Ein gutes Herz - Leon de Winter

  • Diogenes 2013
    Hardcover, 512 Seiten


    Kurzbeschreibung:
    Ein toter Filmemacher – Theo van Gogh – auf Bewährung im Himmel und sein inhaftierter Mörder unten auf Erden. Ein dubioser jüdischer Geschäftsmann und Drogendealer und ein schwarzer Franziskanerpriester, der ihm sein Herz vermacht hat. Ein Schriftsteller namens Leon de Winter, der von seiner Frau Jessica Durlacher verlassen wurde und sich mit einem Romanprojekt über seinen Lieblingsfeind van Gogh darüber hinwegtrösten will. Wie auch mit der attraktiven Sonja Verstraete, die allerdings den Mann liebt, vor dem sie seit Jahren auf der Flucht ist. Und eine Gruppe junger radikalisierter Muslime, die eine Serie von Gewalttaten inszenieren und Amsterdam in den Ausnahmezustand versetzen. Da ist Einfallsreichtum gefragt, es braucht kriminelle oder metaphysische Synergien, um wieder Herr der Lage zu werden. Oder beides.


    Über den Autor:
    Leon de Winter, geboren 1954 in 's-Hertogenbosch als Sohn niederländischer Juden, begann als Teenager, nach dem Tod seines Vaters, zu schreiben. Er arbeitet seit 1976 als freier Schriftsteller und Filmemacher in Holland und den USA. Seine Romane erzielen nicht nur in den Niederlanden überwältigende Erfolge; einige wurden für Kino und Fernsehen verfilmt, so ›Der Himmel von Hollywood‹ unter der Regie von Sönke Wortmann. Der Roman ›SuperTex‹ wurde verfilmt von Jan Schütte. 2002 erhielt de Winter den Welt-Literaturpreis für sein Gesamtwerk, und 2006 wurde er mit der Buber-Rosenzweig-Medaille ausgezeichnet.


    Mein Eindruck:
    Ich war schon überrascht, wie verspielt und überborden dieser Leon de Winter-Roman ist.

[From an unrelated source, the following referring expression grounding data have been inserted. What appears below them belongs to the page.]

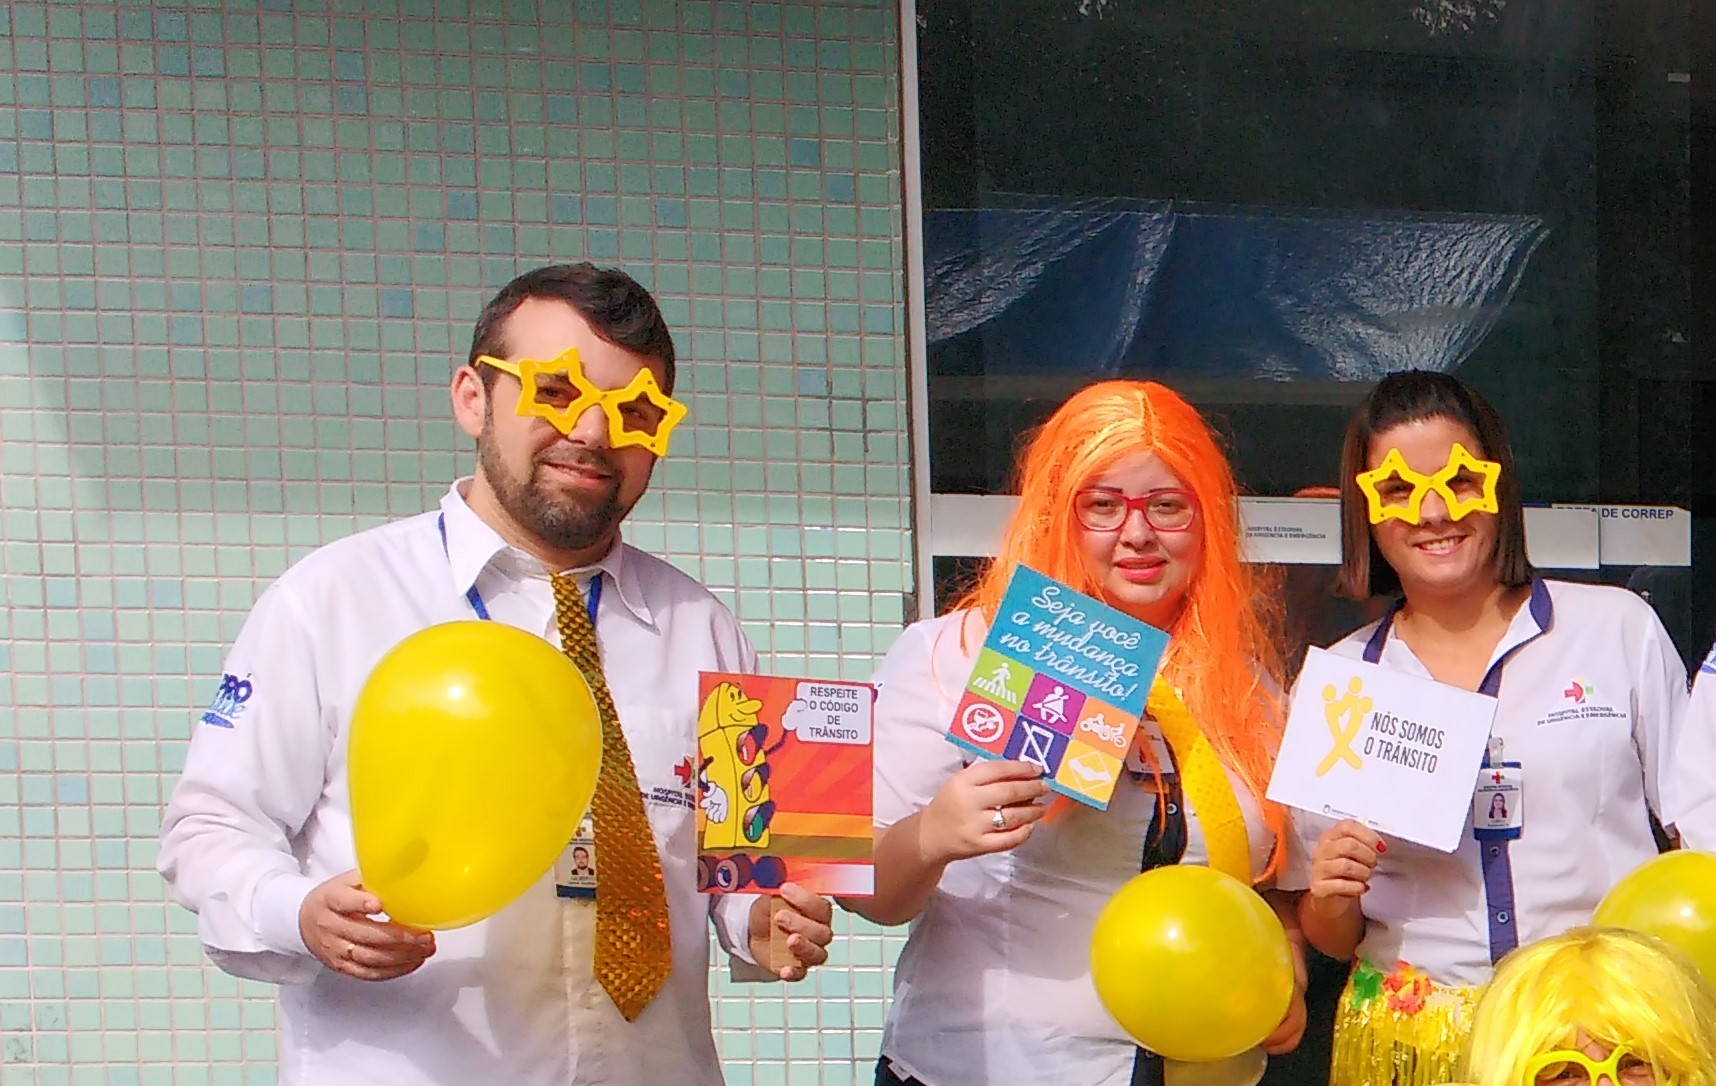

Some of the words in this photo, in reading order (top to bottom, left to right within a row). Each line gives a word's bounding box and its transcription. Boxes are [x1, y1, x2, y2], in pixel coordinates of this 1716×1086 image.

[1601, 508, 1618, 519] DE
[1031, 586, 1086, 625] Seja
[1089, 621, 1141, 649] você
[1011, 611, 1031, 625] a
[1032, 621, 1139, 677] mudança
[1000, 633, 1031, 652] no
[1034, 641, 1138, 701] trânsito!
[810, 686, 858, 699] RESPEITE
[809, 700, 817, 710] O
[819, 699, 859, 713] CÓDIGO
[827, 715, 841, 725] DE
[1370, 711, 1399, 736] NÓS
[1399, 720, 1445, 749] SOMOS
[809, 726, 858, 740] TRÂNSITO
[1363, 736, 1375, 755] O
[1377, 739, 1438, 773] TRÂNSITO
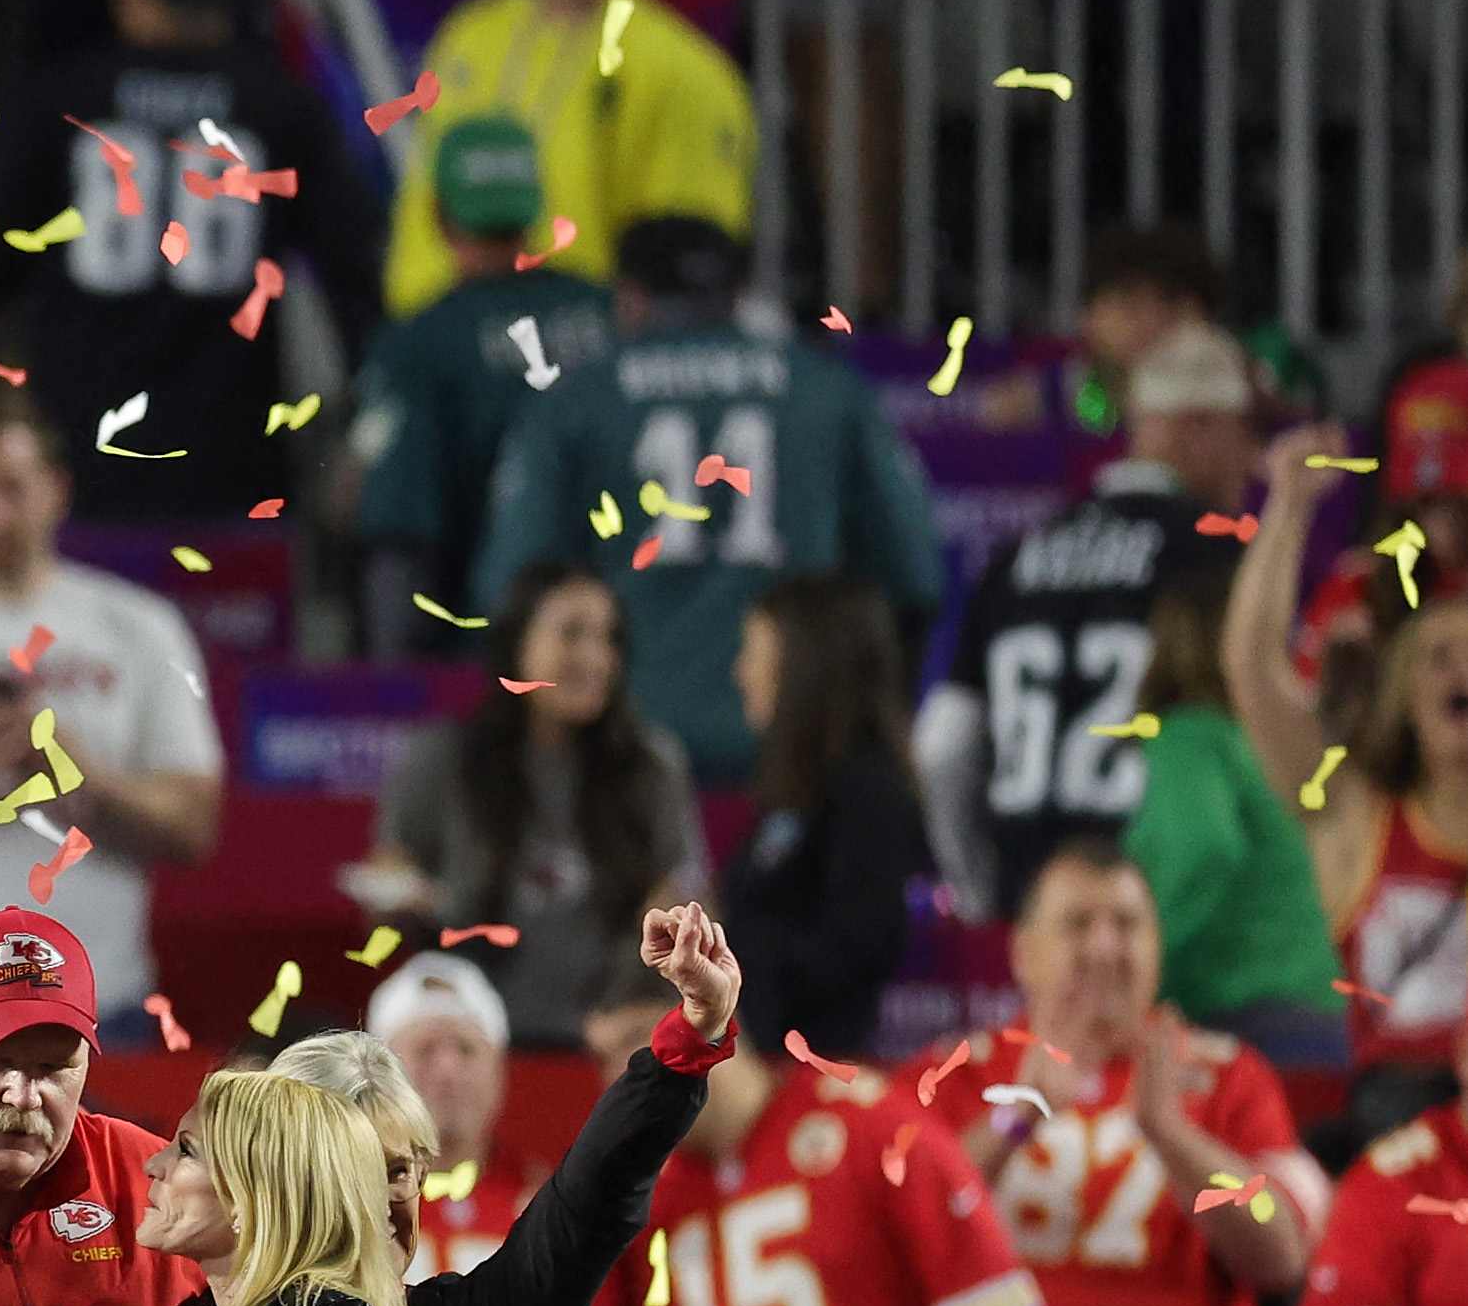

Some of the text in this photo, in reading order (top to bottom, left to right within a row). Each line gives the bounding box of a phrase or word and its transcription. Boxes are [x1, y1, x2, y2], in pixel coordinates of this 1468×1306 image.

[632, 407, 786, 567] 11
[986, 621, 1156, 815] 62
[12, 940, 53, 964] KC
[63, 1206, 102, 1229] KC
[992, 1107, 1172, 1268] 87
[72, 1246, 123, 1263] CHIEFS
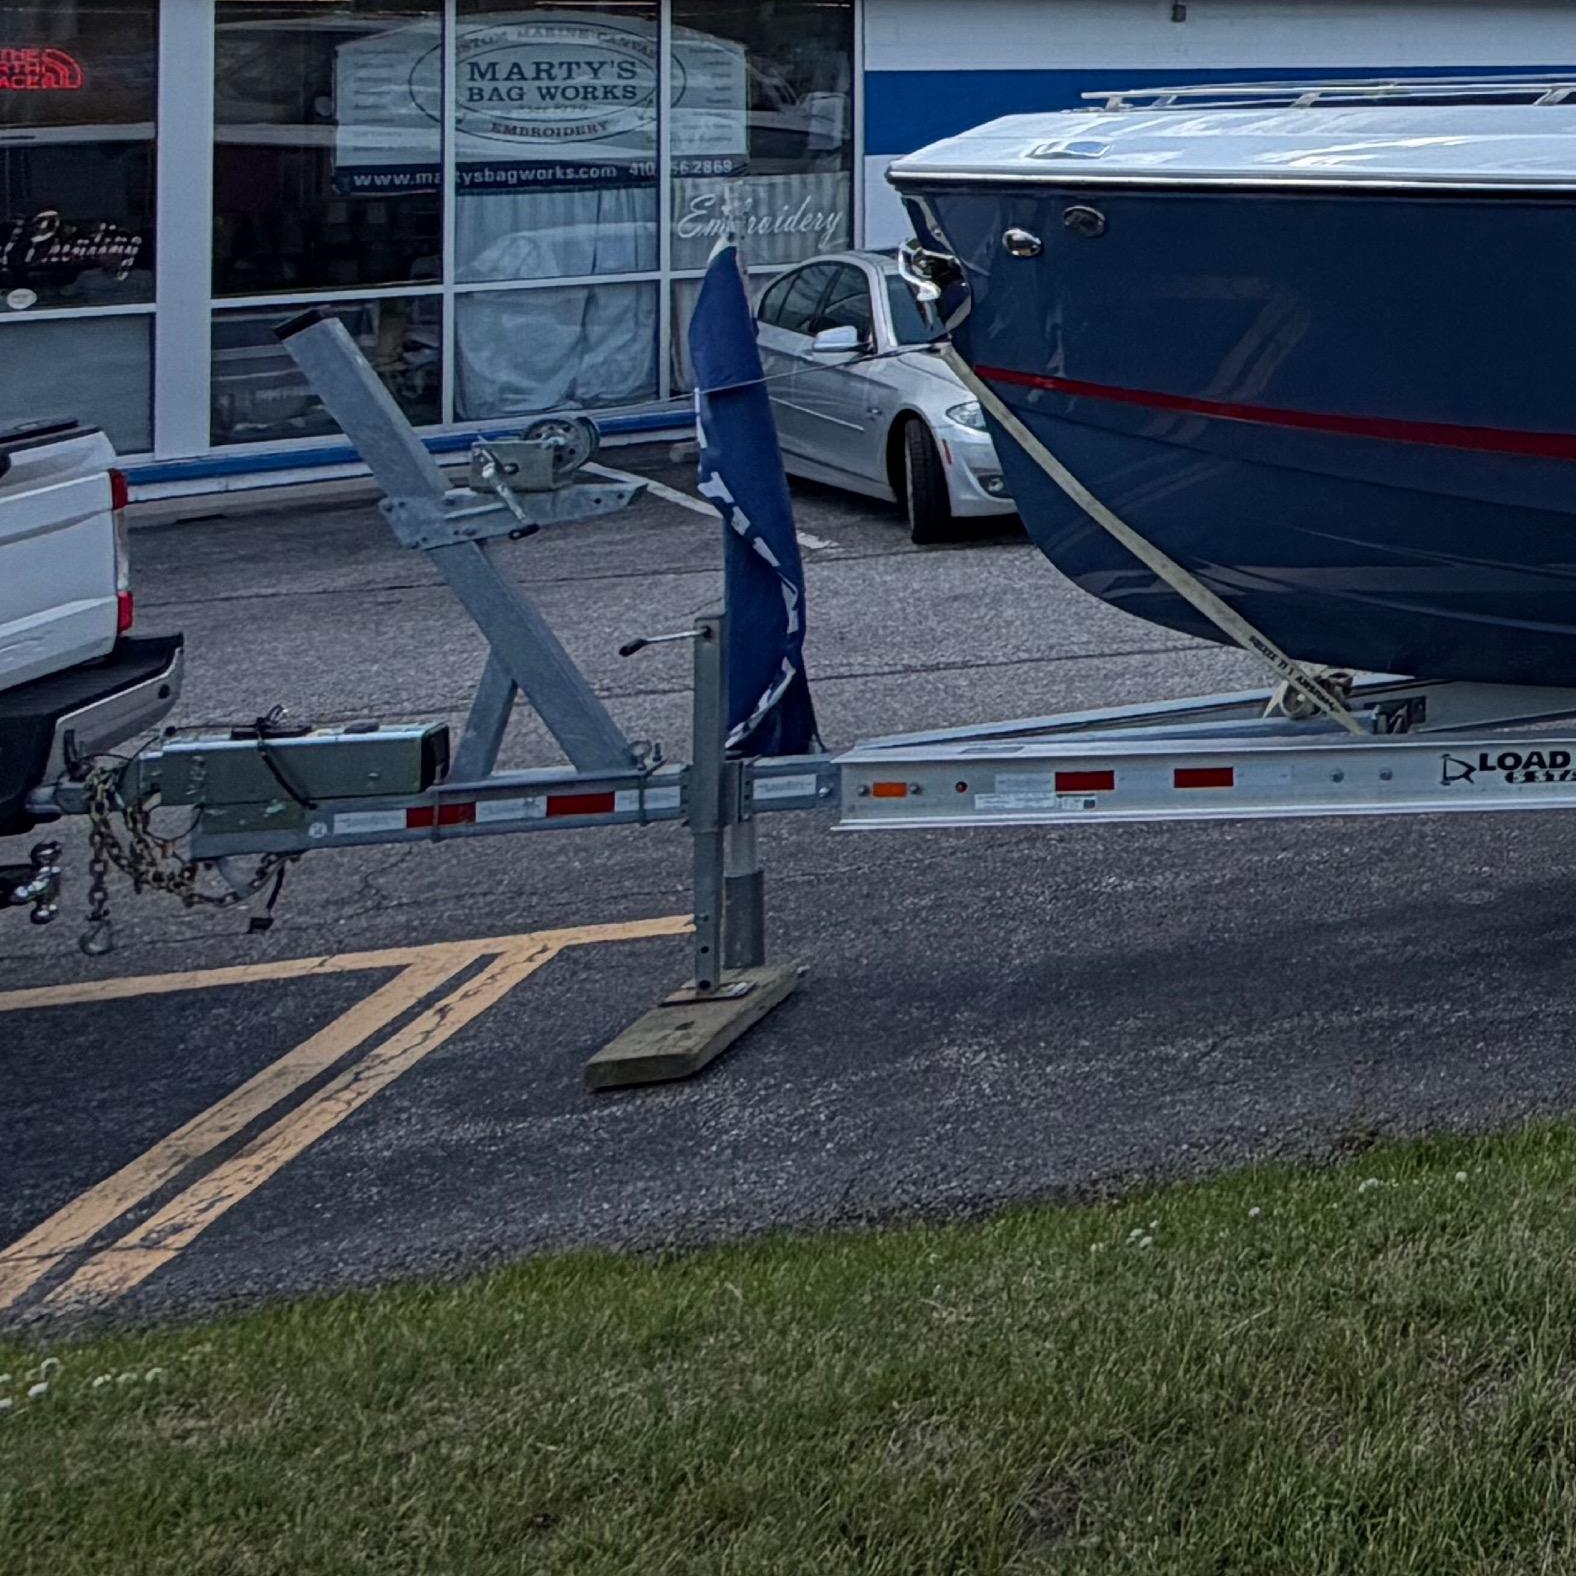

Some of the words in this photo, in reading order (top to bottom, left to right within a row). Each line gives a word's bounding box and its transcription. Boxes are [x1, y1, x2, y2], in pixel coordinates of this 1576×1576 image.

Nicht nur, dass der ermordete holländische Film-Regisseur Theo Van Gogh nach seinem Tod im Mittelpunkt steht, auch Leon de Winter selbst wirkt als Figur mit.


    Der Beginn des Romans hat das Potenzial zu provozieren. Es wird die kompromisslose Sprache van Goghs verwendet. Ungehemmt werden fanatische, zur Gewalt bereite Moslems als Bartaffen, Ziegenficker, Scheißmarokkaner bezeichnet. Mir scheint, dieses vorgebliche provokative ist Teil des Spiels, das Leon de Winter treibt.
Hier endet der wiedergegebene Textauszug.